▶ _What is being asked_: In the listing that follows, give every line again exactly and omit the pictures.
* * * * * * *
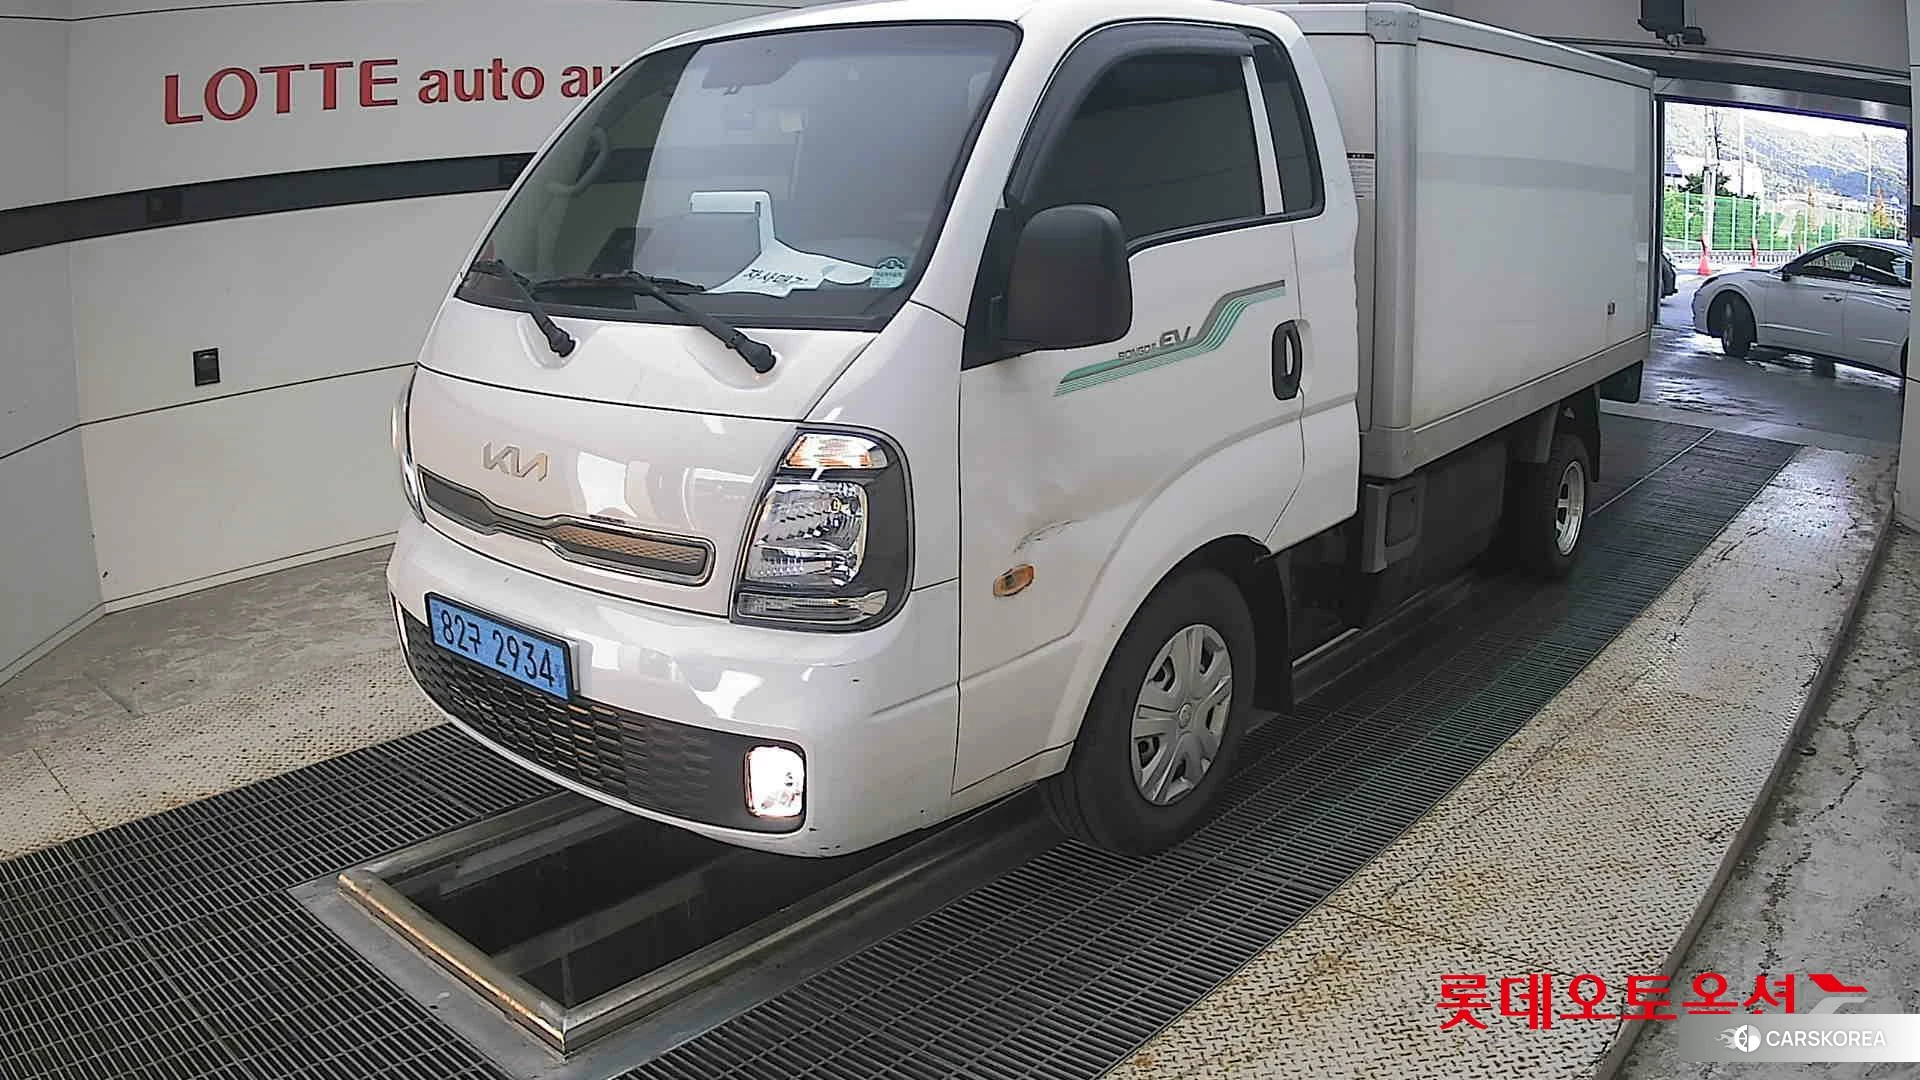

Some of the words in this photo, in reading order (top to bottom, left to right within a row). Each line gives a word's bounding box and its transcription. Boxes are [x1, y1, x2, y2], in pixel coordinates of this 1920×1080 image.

[164, 58, 399, 125] LOTTE
[418, 57, 545, 104] auto
[483, 441, 548, 482] KIA
[440, 609, 482, 655] 82구
[492, 629, 556, 688] 2934
* * * * * * *
▶ _The completed task_:
Some of the words in this photo, in reading order (top to bottom, left to right within a row). Each line gives a word's bounding box and its transcription. Boxes are [x1, y1, x2, y2], in pixel coordinates of this 1920×1080 image.

[164, 58, 399, 125] LOTTE
[418, 57, 545, 104] auto
[483, 441, 548, 482] KIA
[440, 609, 482, 655] 82구
[492, 629, 556, 688] 2934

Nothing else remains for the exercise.